— Task directions —
With pictures removed, the data below should be returned exactly.

The data below:

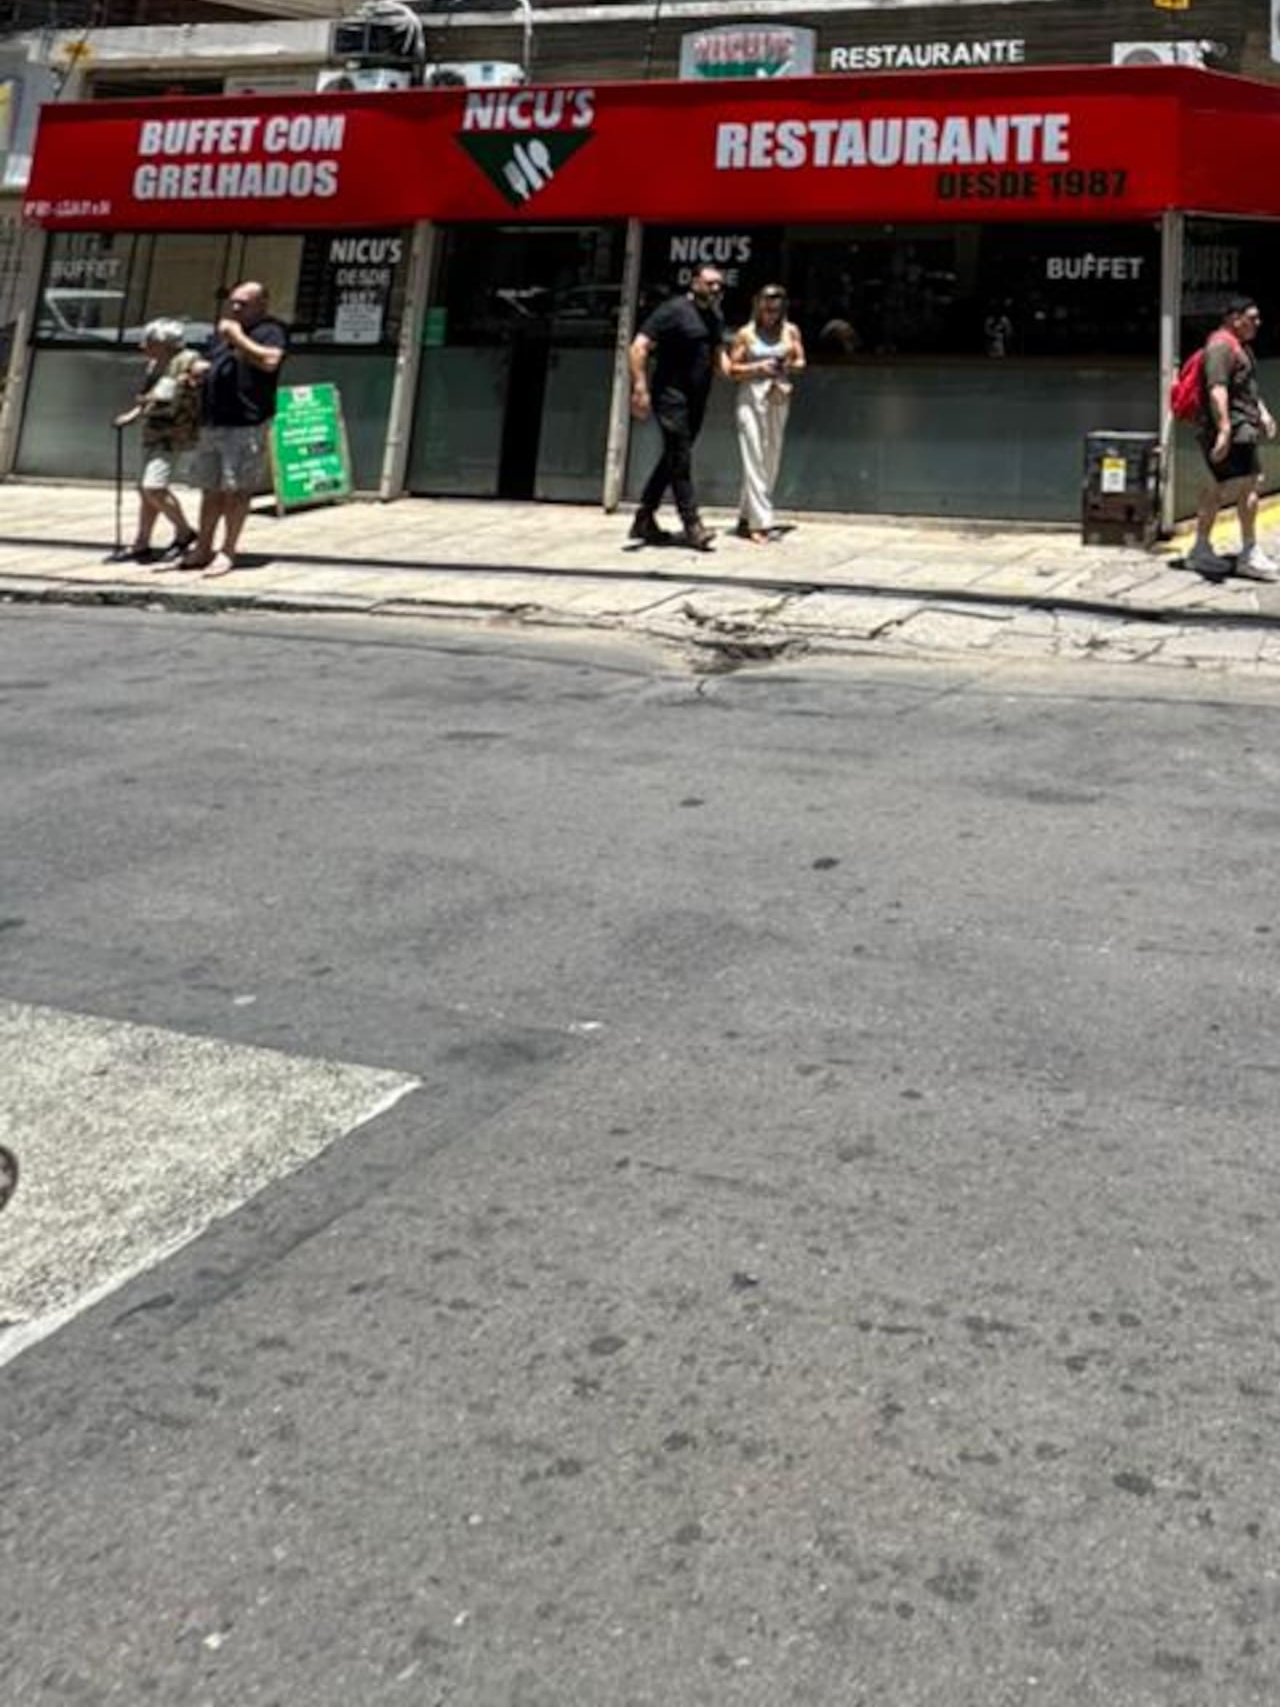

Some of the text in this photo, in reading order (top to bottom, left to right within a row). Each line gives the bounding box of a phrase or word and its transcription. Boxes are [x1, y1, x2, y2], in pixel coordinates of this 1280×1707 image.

[830, 39, 1025, 70] RESTAURANTE
[462, 89, 596, 130] NICU'S
[137, 114, 346, 157] BUFFET COM
[714, 113, 1071, 170] RESTAURANTE
[132, 159, 339, 201] GRELHADOS
[936, 168, 1128, 201] DESDE 1987
[329, 238, 403, 264] NICU'S
[669, 234, 752, 263] NICU'S
[1046, 255, 1144, 280] BUFFET
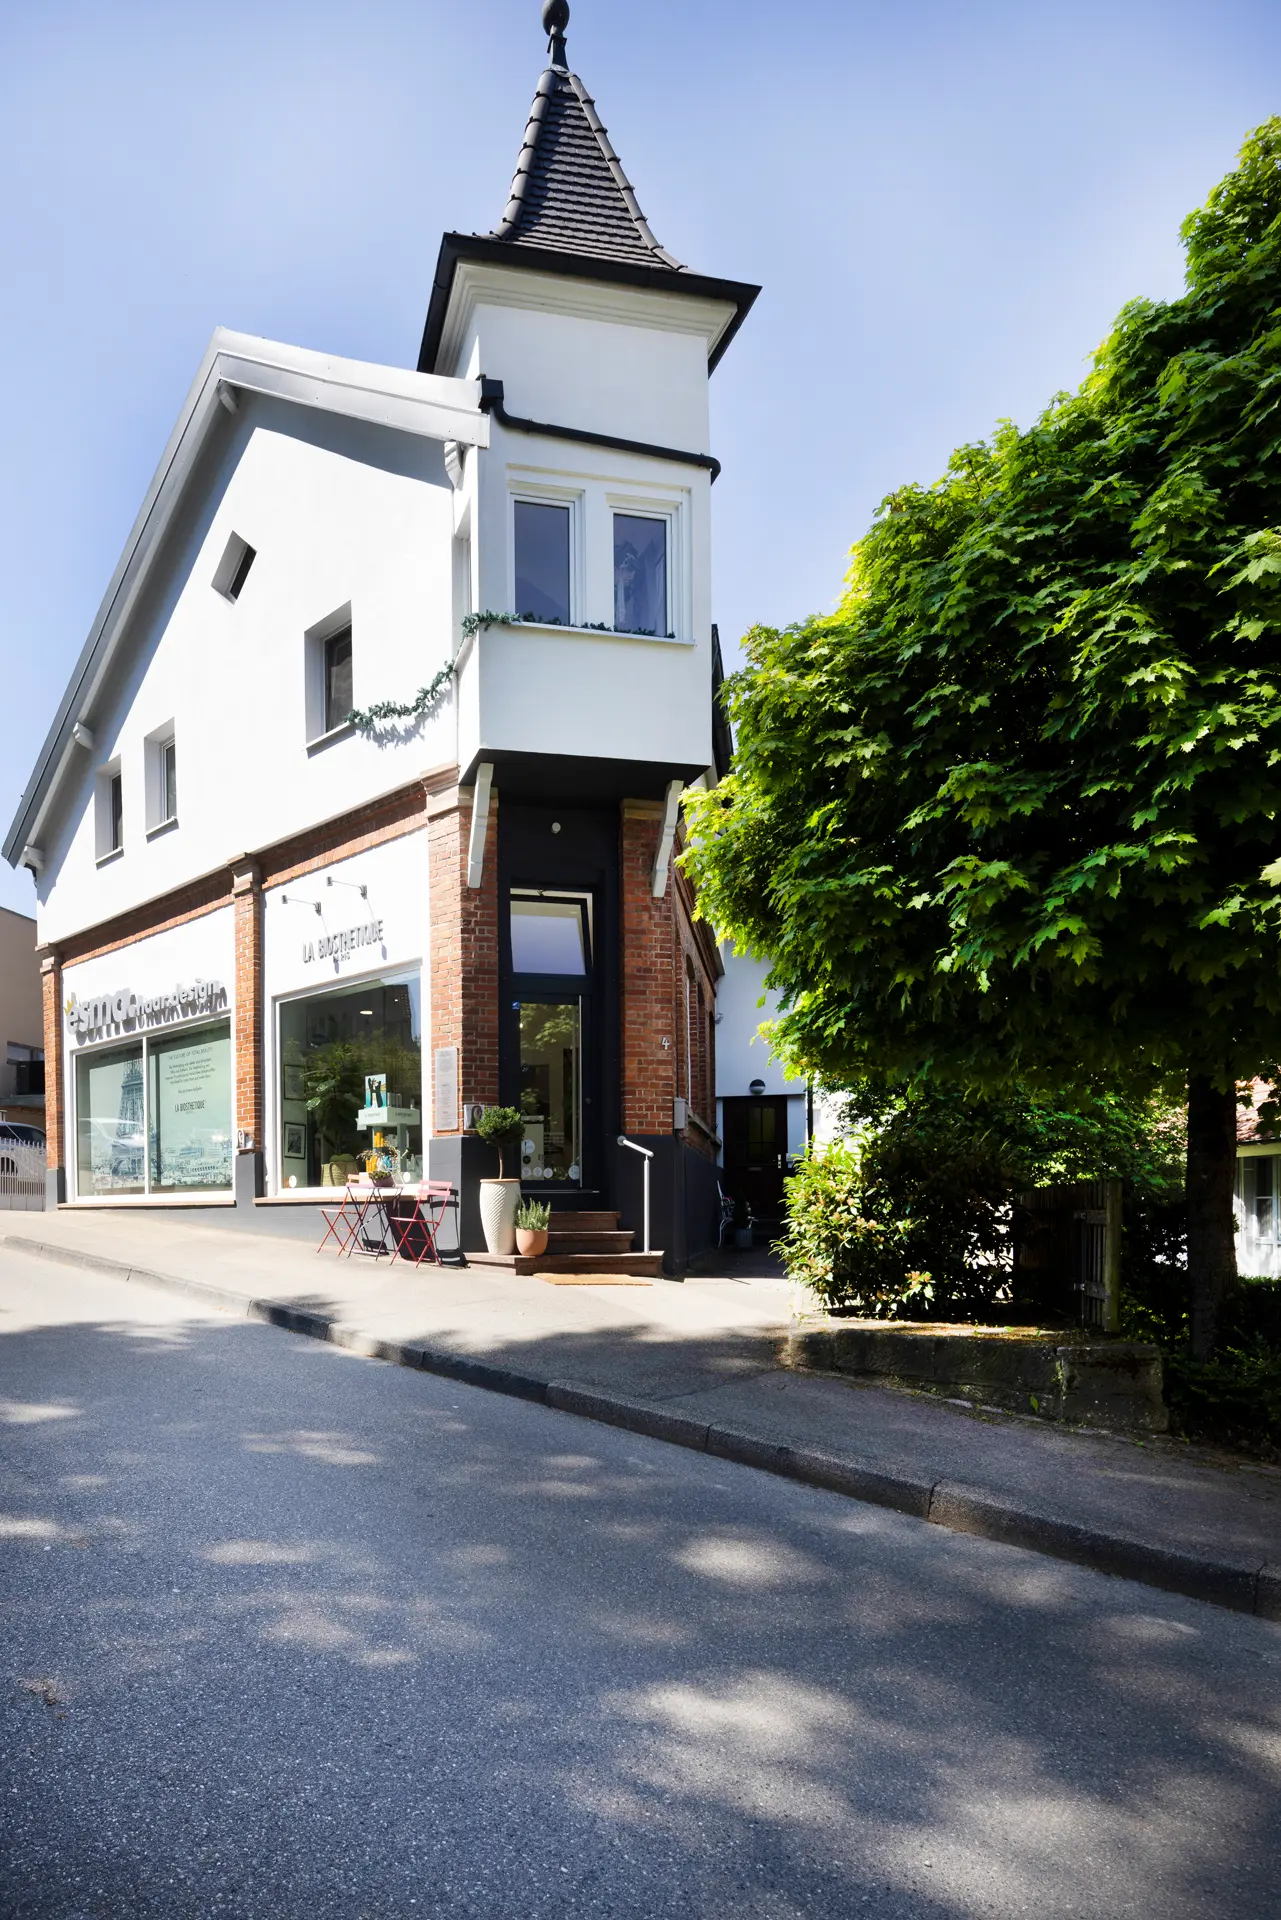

End of The data.

— Exercise result —
Some of the text in this photo, in reading order (top to bottom, left to right within a row). Each line gives the bounding box of a phrase or word and its transcription. Boxes are [x1, y1, x2, y2], in pixel coordinates of this 1280×1707 image.

[830, 39, 1025, 70] RESTAURANTE
[462, 89, 596, 130] NICU'S
[137, 114, 346, 157] BUFFET COM
[714, 113, 1071, 170] RESTAURANTE
[132, 159, 339, 201] GRELHADOS
[936, 168, 1128, 201] DESDE 1987
[329, 238, 403, 264] NICU'S
[669, 234, 752, 263] NICU'S
[1046, 255, 1144, 280] BUFFET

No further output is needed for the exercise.